Was it good for you? The year, that is: After hobbling through a pretty dismal ’01 and ’02, the tech industry happily showed signs of life in 2003 — even though “life,” as usual, often meant “vaporware.” Yes, it’s a bit early in December for an end-of-year article, but it’s not like Intel’s “Prescott” and Microsoft’s “Longhorn” are going to ship yet this month.

Anyway, it’s time for the Labs, Weather, & Sports Desk’s third annual tally of thumbs-up and thumbed noses. Let’s kindle the flames by revisiting a couple of categories from last year:

Breakout hits of the year: The products in this paragraph in ’02 — digital cameras — became ubiquitous, mainstream, taken for granted in ’03. That means this year’s stars — LCD monitors — will become commonplace in ’04. And we’ll be saying the same thing about color laser printers a year from now.

Missed entrance cue of the year: This is too easy — 12 months ago I jeered AMD’s long-delayed Hammer, and now it’s Intel’s turn with Prescott. After last year’s rocketing clock-speed acceleration, the Pentium 4 this year climbed all the way from 3.06GHz to 3.2GHz (although April’s bump to an 800MHz front-side bus made it the year of DDR400 memory). Meanwhile, the processor’s 90-nanometer-process successor slipped and slipped again — and now I hear it won’t even get a flashy new name like Pentium 5, instead dubbed Pentium 4 with Special Extensions or something. Where’s the fun in that?

A welcome step up: Another item in 2002’s Best, Worst, and Ugliest bemoaned the persistence of poky integrated-graphics chipsets and outdated video cards in otherwise well-equipped (fast CPUs, big hard disks, etc.) desktops. This year, many retail PCs finally got reasonably game-worthy graphics, and Dell, Gateway, and HP even joined the likes of Alienware and VoodooPC in offering high-end setups acknowledging the existence of enthusiasts and gamers. Along with Microsoft’s superb, second-generation Media Center PC, it marked a refreshing change from generic commodity computers.

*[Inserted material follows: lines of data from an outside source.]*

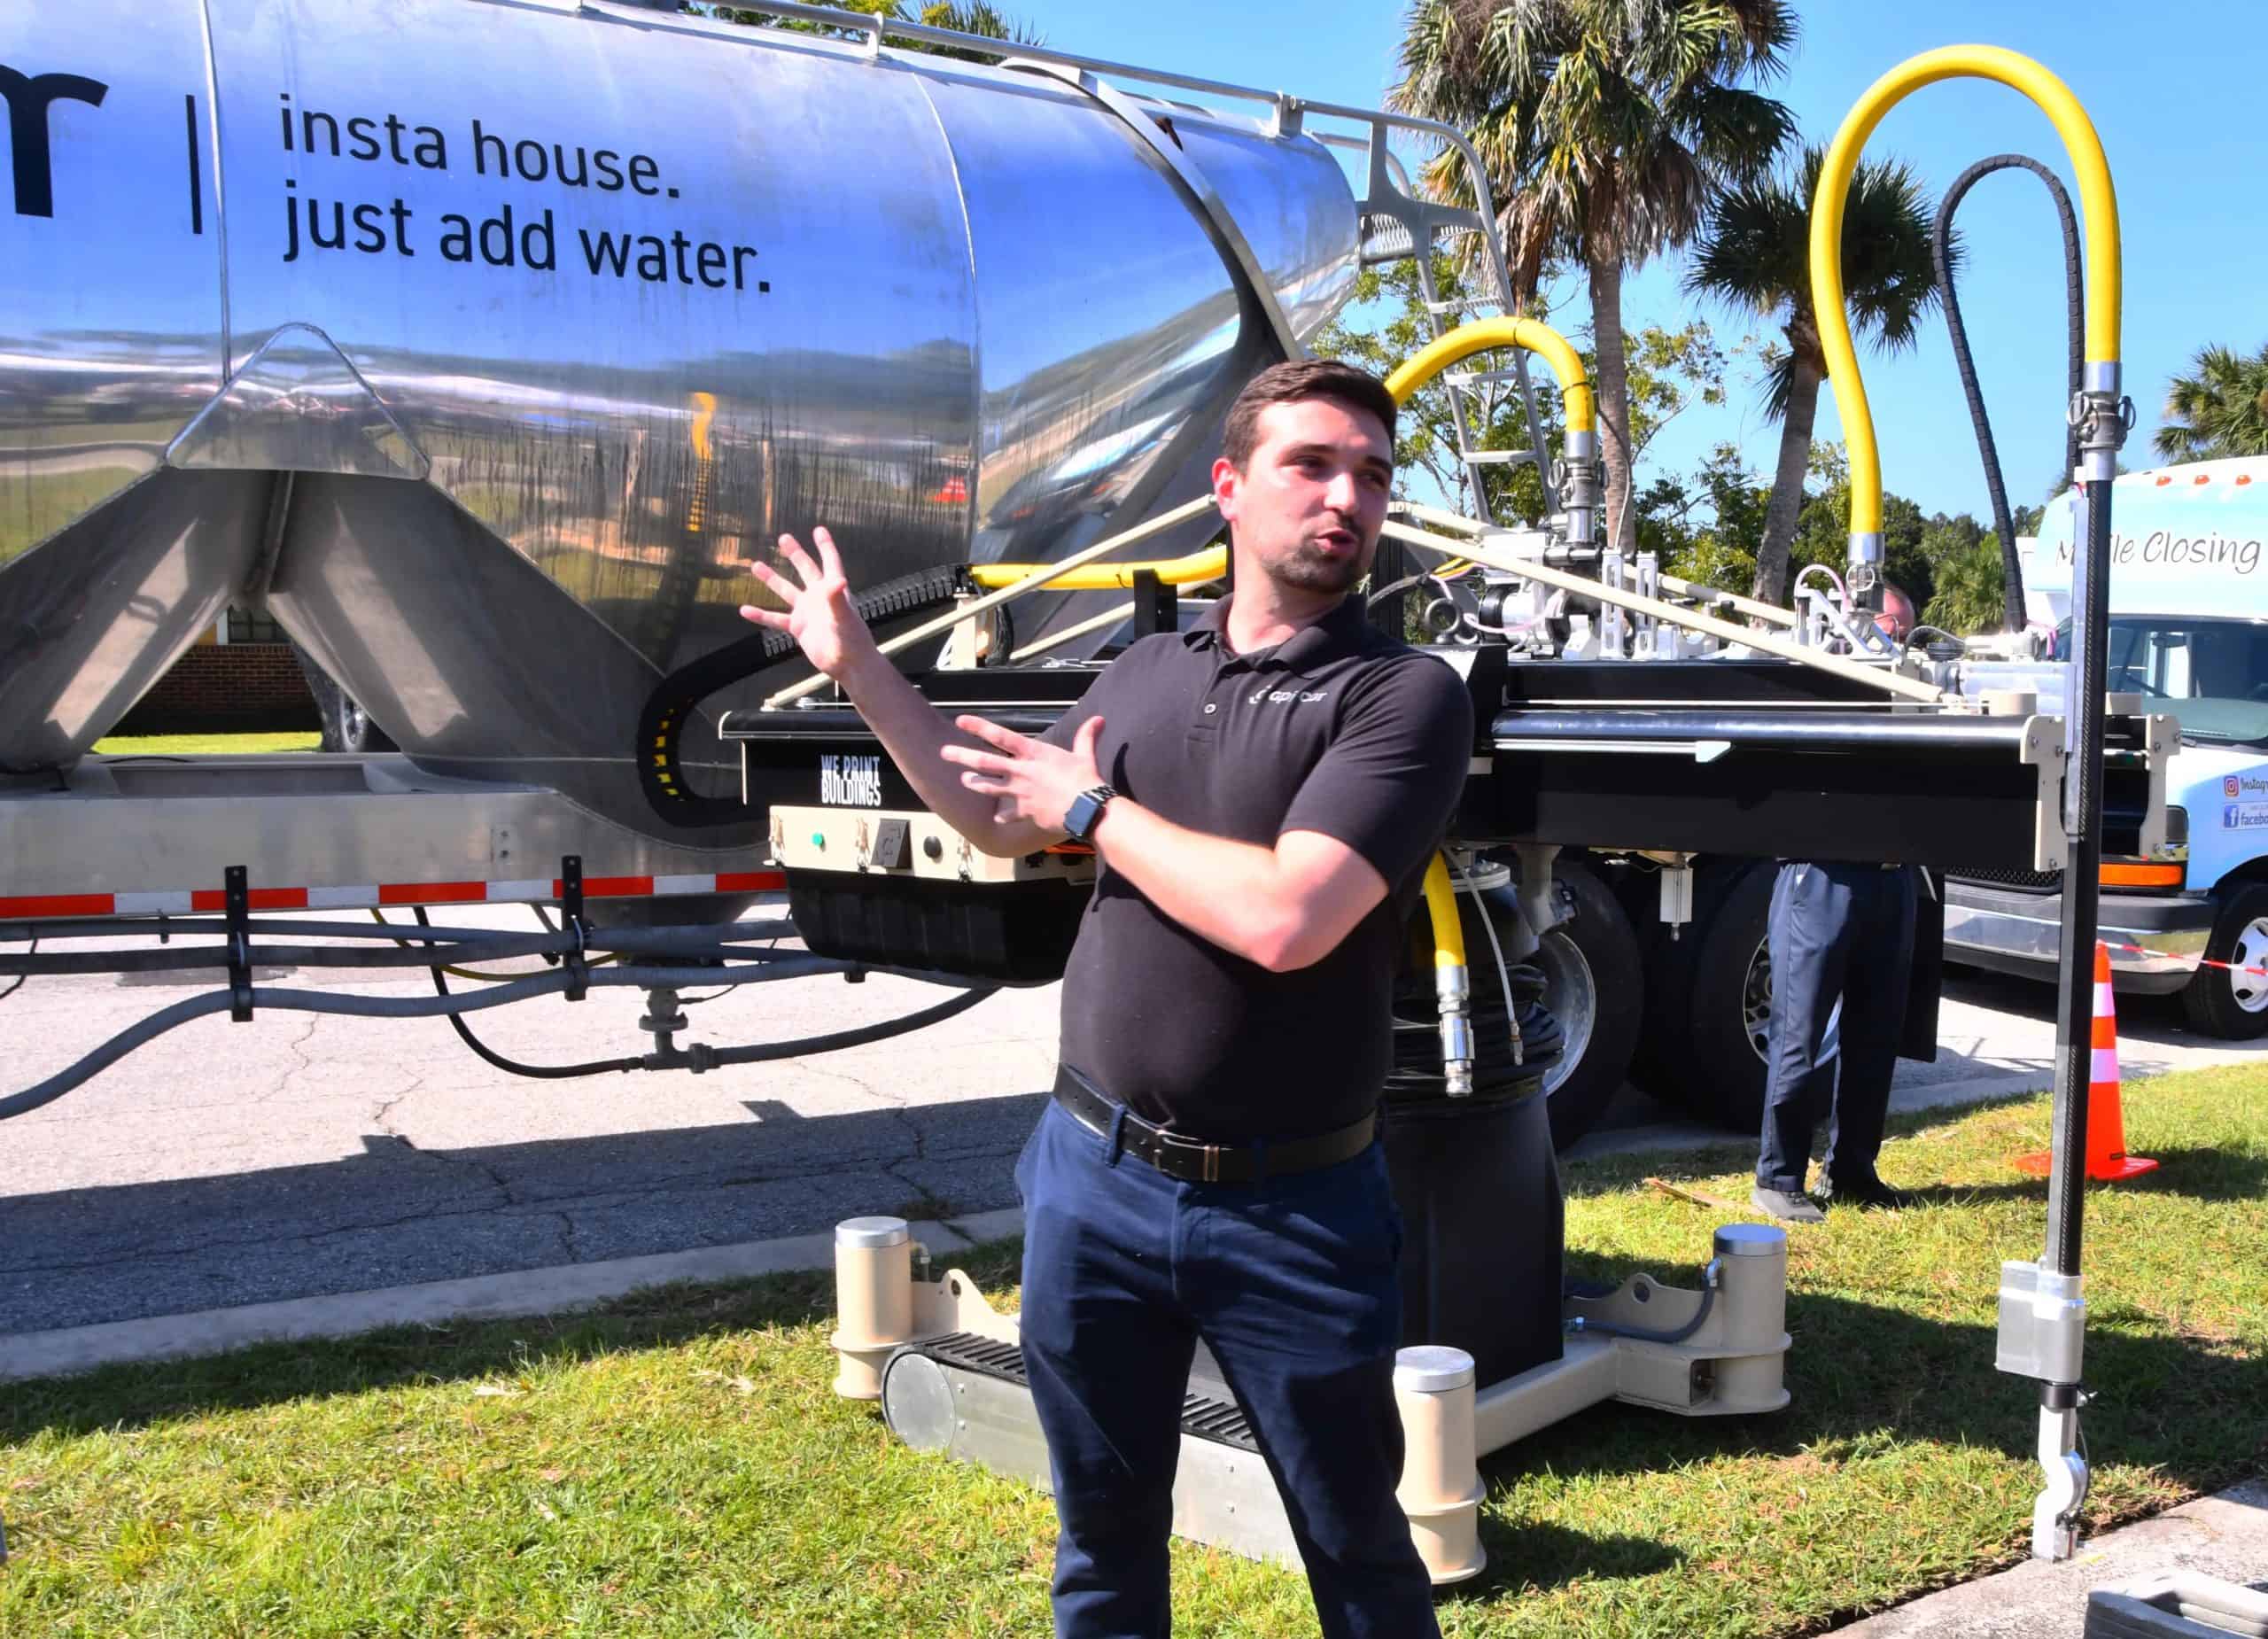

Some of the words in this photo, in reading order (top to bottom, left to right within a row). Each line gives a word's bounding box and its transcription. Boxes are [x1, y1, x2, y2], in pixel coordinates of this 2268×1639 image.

[279, 92, 447, 170] insta
[472, 119, 680, 198] house.
[283, 179, 415, 262] just
[439, 204, 556, 271] add
[579, 229, 771, 292] water.
[2143, 532, 2261, 574] Closing
[821, 755, 840, 780] WE
[843, 755, 880, 781] PRINT
[821, 776, 882, 806] BUILDINGS

Righteous revolt: Monopoly Microsoft got away with the piracy-fighting, customer-inconveniencing addition of product activation to Windows and Office, so Intuit tried it with TurboTax — and, after a firestorm of consumer complaints and defections (not to mention a $100 million drop in projected revenue), not only removed the feature but made abject apologies in full-page newspaper ads.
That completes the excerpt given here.